**What to do**
Lines before the one containing "this 2500×871 image." are left out; copy that line and every later line through the end of the data exactly.

----

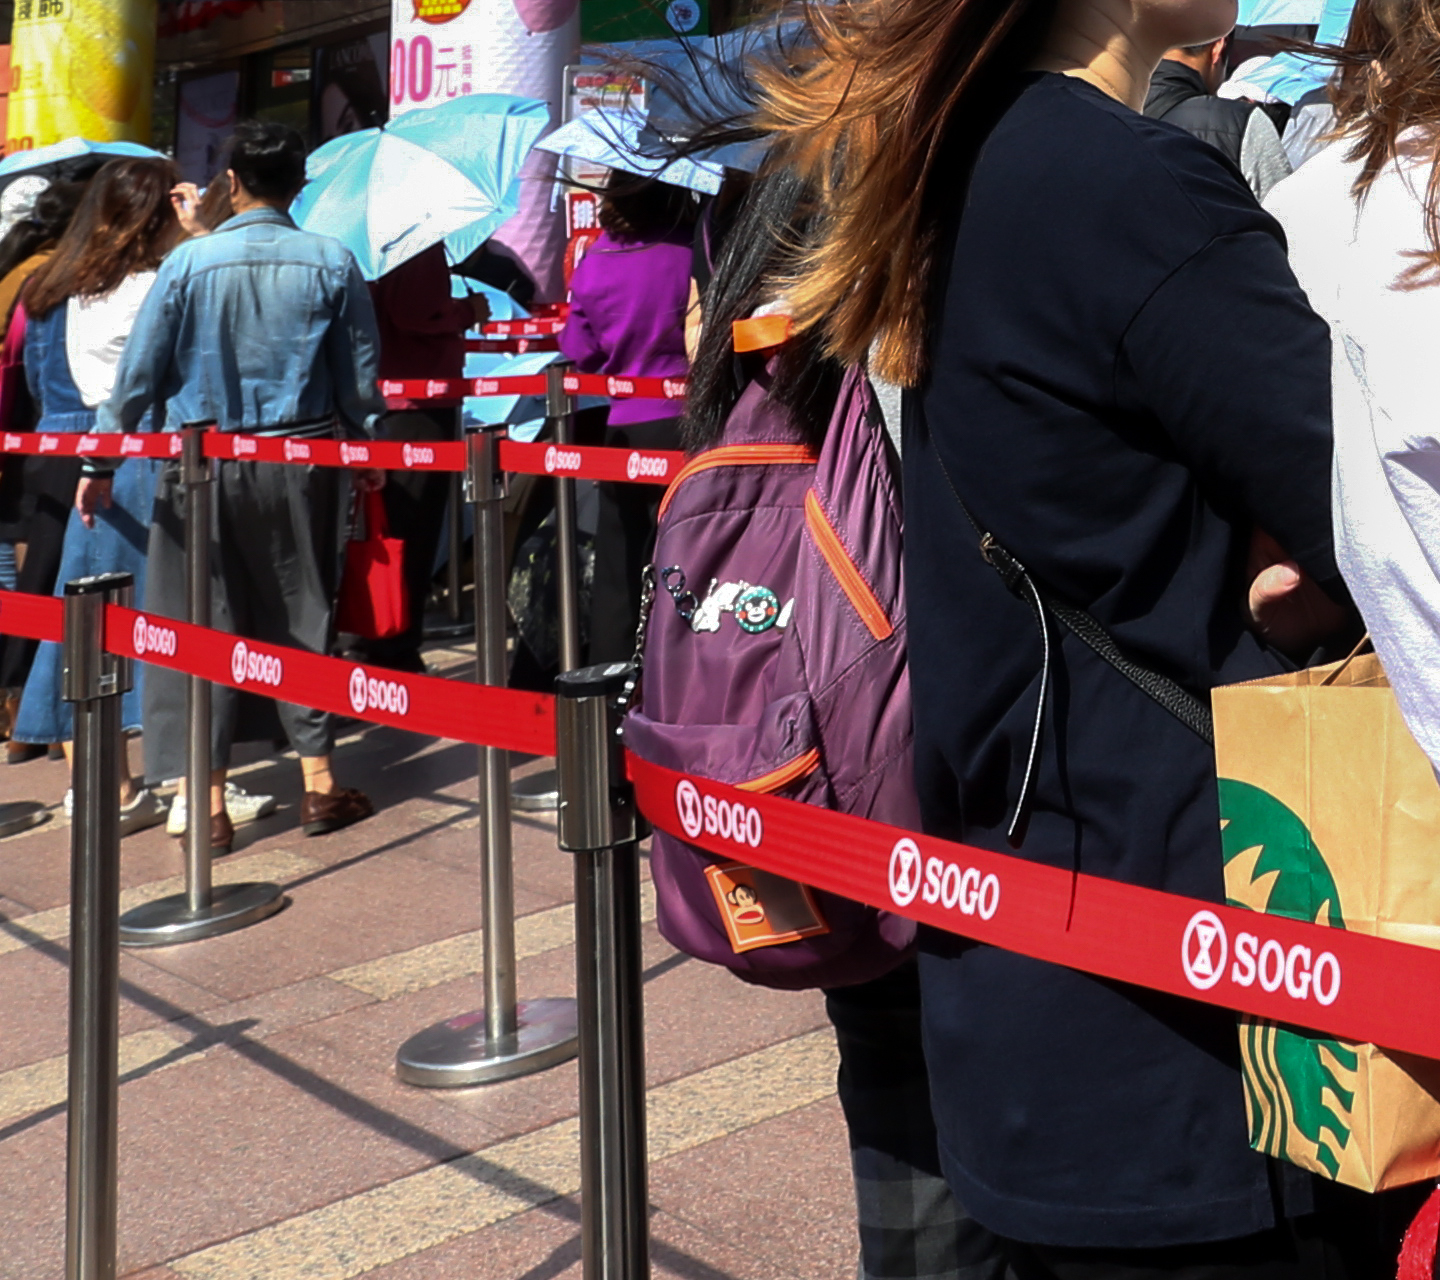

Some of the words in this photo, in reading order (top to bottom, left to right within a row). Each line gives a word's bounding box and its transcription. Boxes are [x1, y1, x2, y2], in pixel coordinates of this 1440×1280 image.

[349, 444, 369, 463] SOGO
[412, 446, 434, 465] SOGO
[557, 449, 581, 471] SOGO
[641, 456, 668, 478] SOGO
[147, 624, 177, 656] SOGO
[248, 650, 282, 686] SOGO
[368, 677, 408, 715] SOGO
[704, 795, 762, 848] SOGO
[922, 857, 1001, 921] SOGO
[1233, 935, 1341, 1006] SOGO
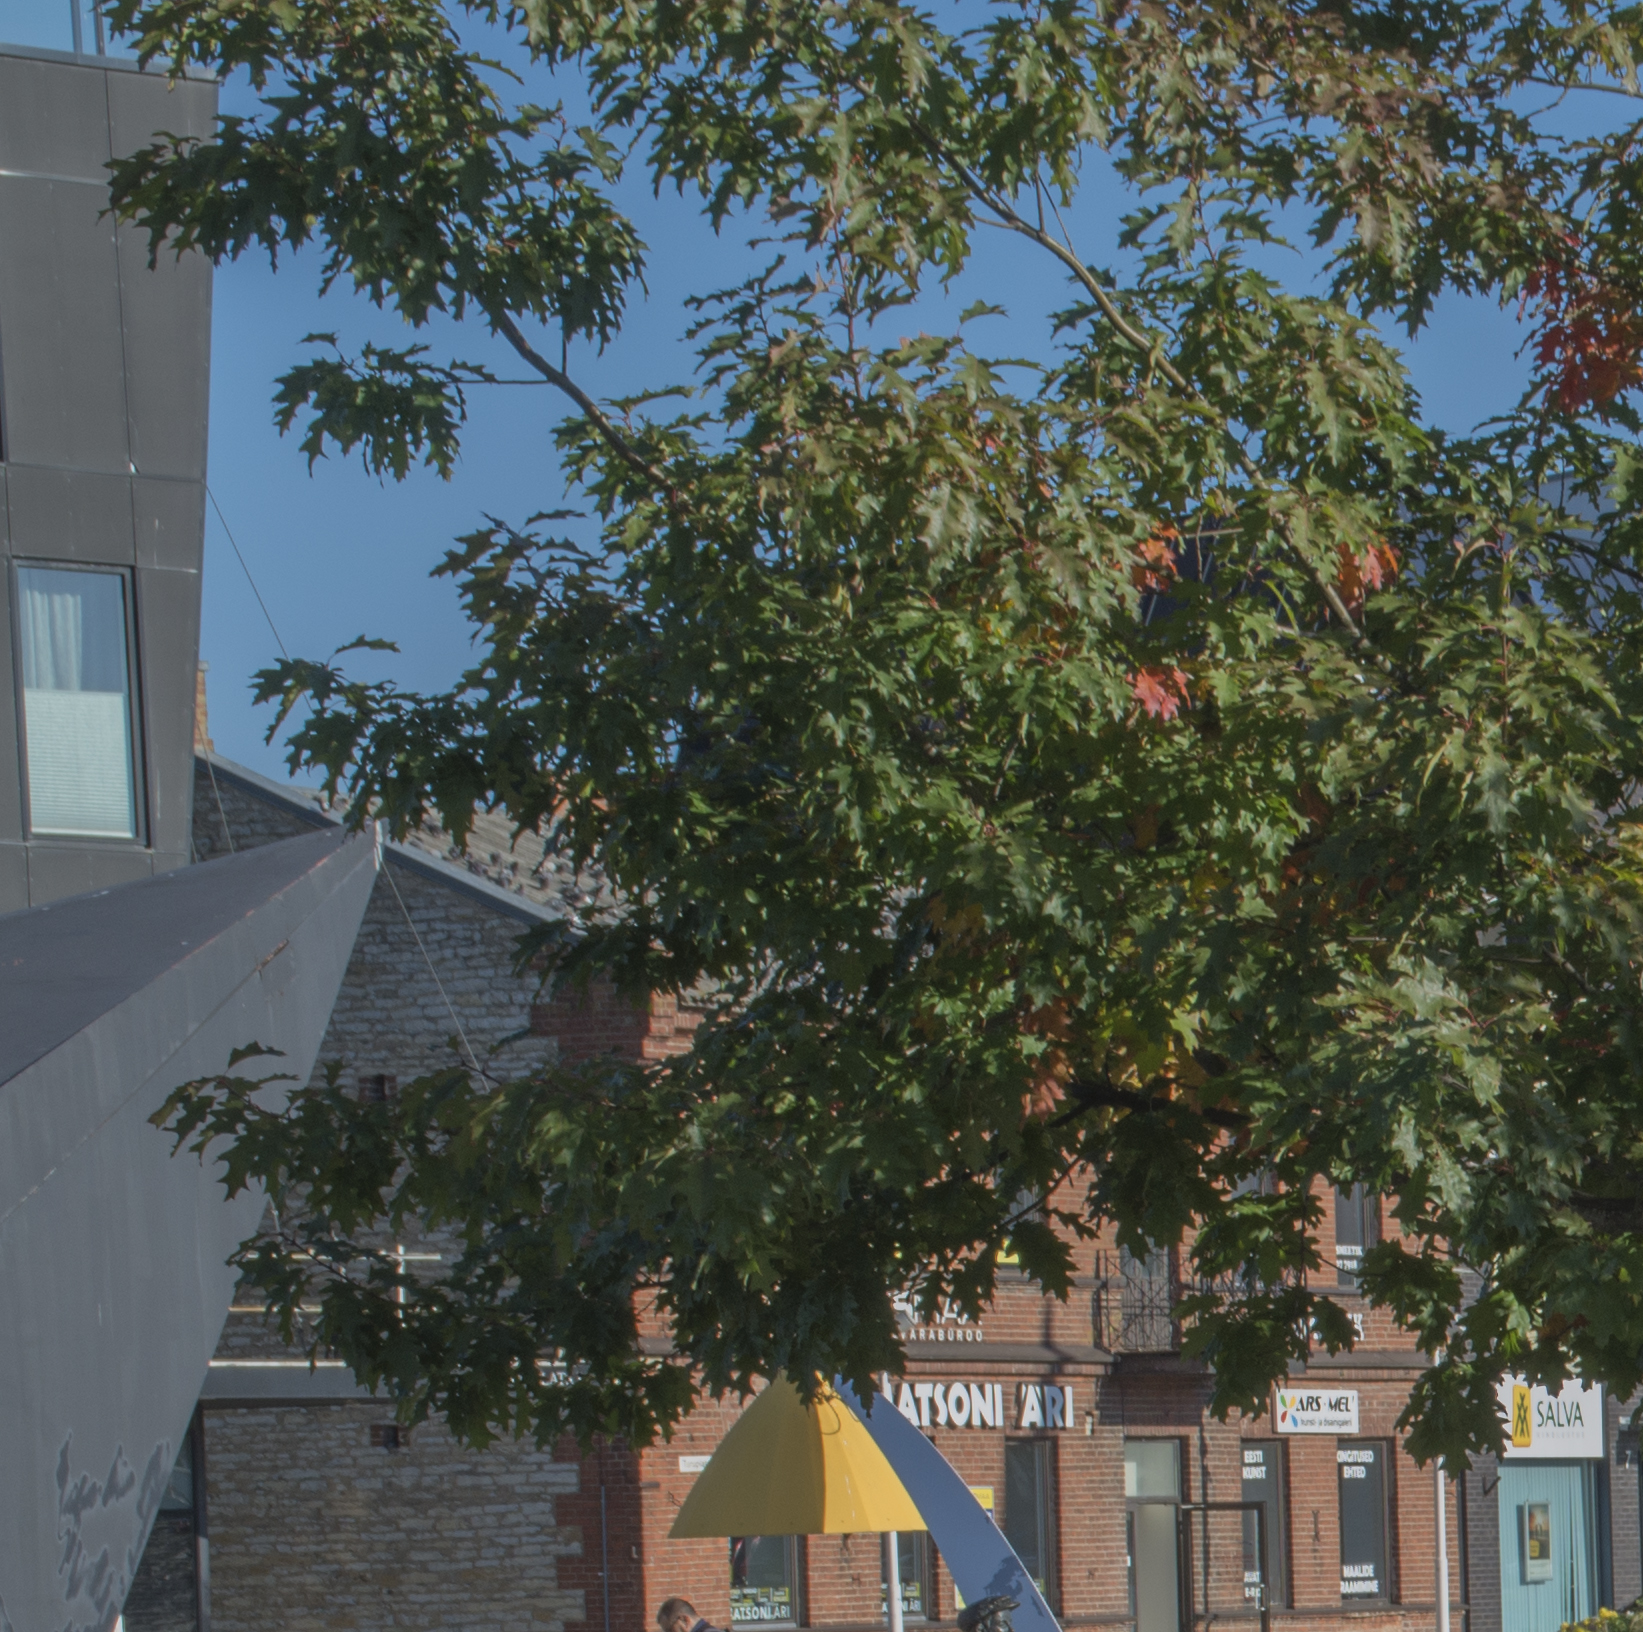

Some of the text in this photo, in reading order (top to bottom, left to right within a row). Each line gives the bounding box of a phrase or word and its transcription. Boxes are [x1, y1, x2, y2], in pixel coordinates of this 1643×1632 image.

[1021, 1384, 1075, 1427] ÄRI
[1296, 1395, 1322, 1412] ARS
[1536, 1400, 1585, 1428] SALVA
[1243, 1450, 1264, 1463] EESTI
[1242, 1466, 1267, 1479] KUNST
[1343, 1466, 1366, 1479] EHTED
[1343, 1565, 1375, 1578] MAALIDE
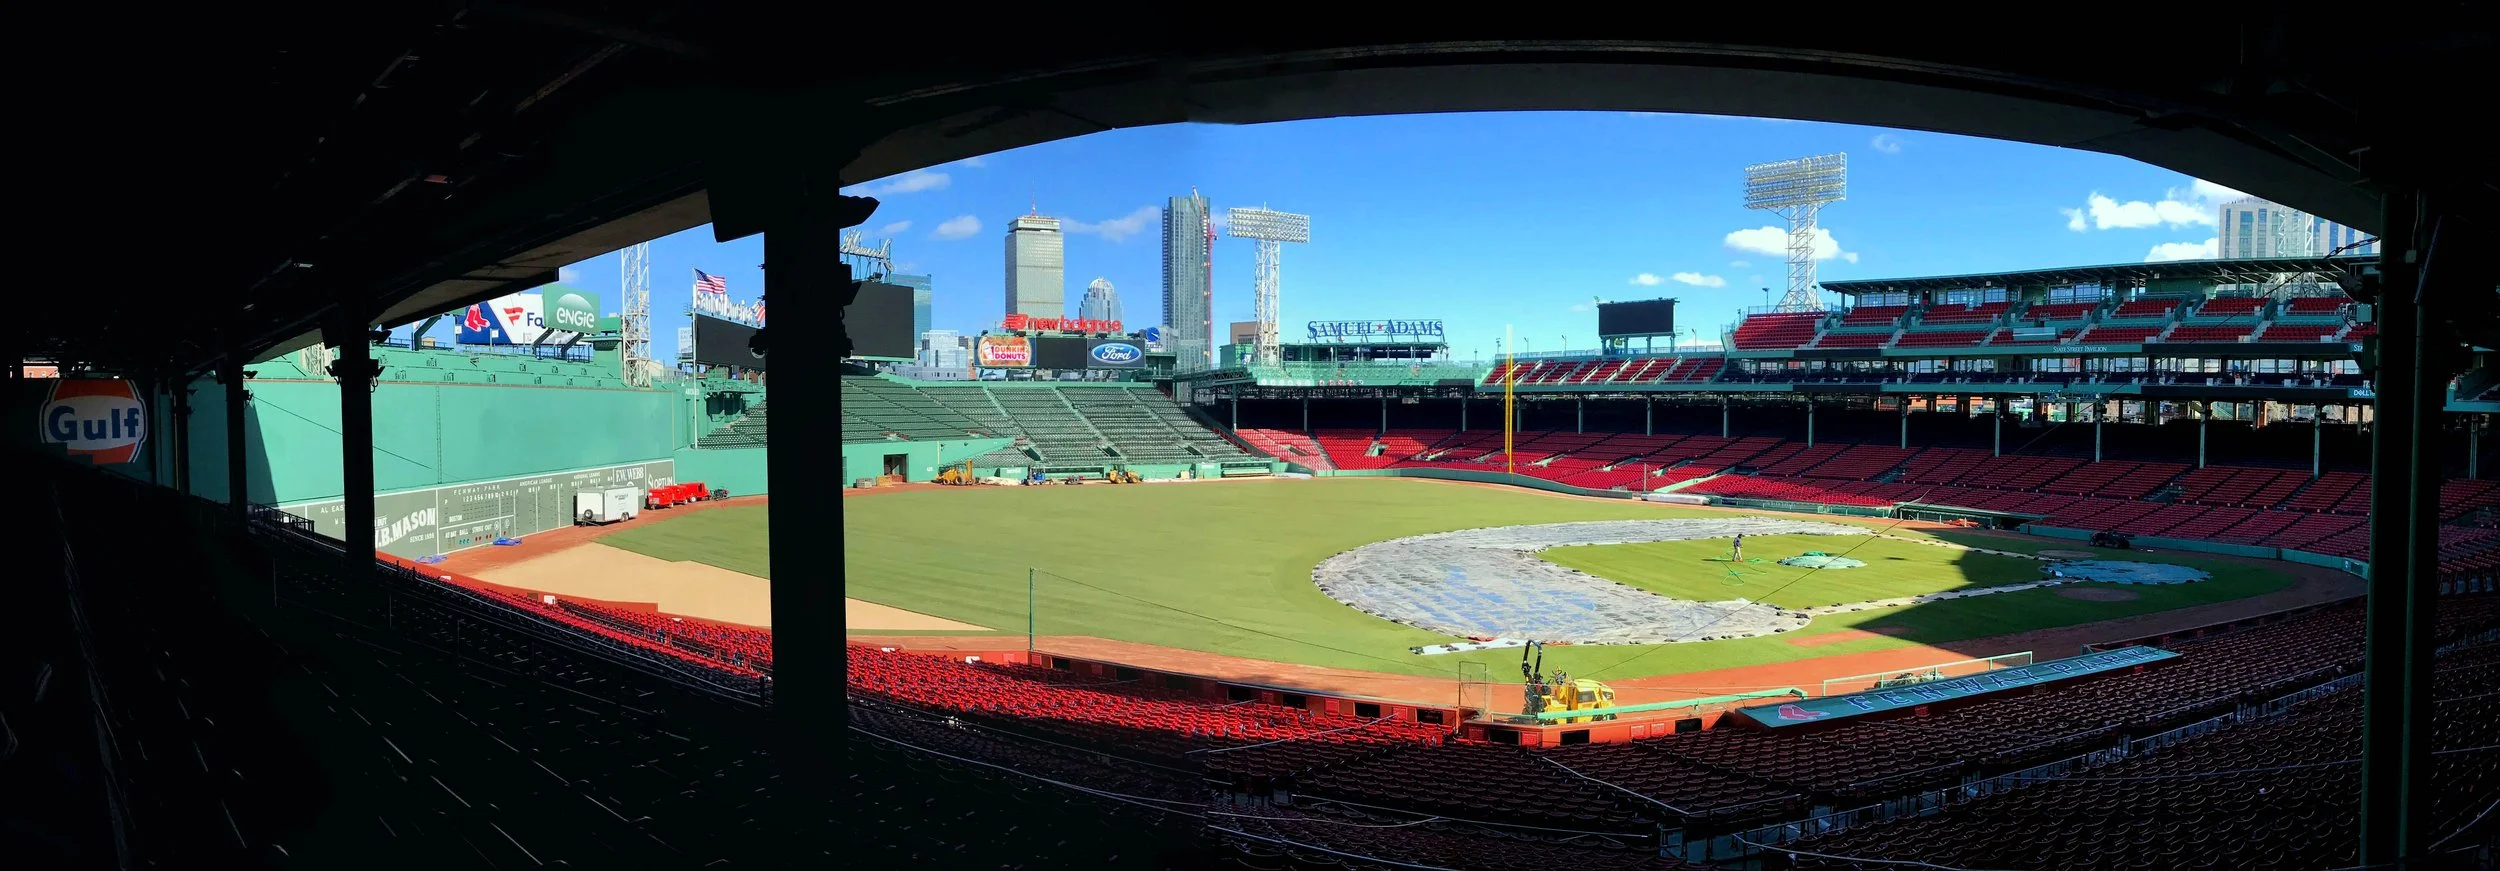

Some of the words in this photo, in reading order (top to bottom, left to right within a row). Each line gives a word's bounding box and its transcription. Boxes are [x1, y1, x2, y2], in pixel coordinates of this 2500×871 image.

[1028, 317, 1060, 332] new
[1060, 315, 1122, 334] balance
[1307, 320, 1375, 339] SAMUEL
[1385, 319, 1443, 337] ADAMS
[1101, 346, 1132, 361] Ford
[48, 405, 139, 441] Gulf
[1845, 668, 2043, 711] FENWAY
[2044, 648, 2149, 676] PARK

----

**Solution to the problem**
Some of the words in this photo, in reading order (top to bottom, left to right within a row). Each line gives a word's bounding box and its transcription. Boxes are [x1, y1, x2, y2], in pixel coordinates of this 2500×871 image.

[1028, 317, 1060, 332] new
[1060, 315, 1122, 334] balance
[1307, 320, 1375, 339] SAMUEL
[1385, 319, 1443, 337] ADAMS
[1101, 346, 1132, 361] Ford
[48, 405, 139, 441] Gulf
[1845, 668, 2043, 711] FENWAY
[2044, 648, 2149, 676] PARK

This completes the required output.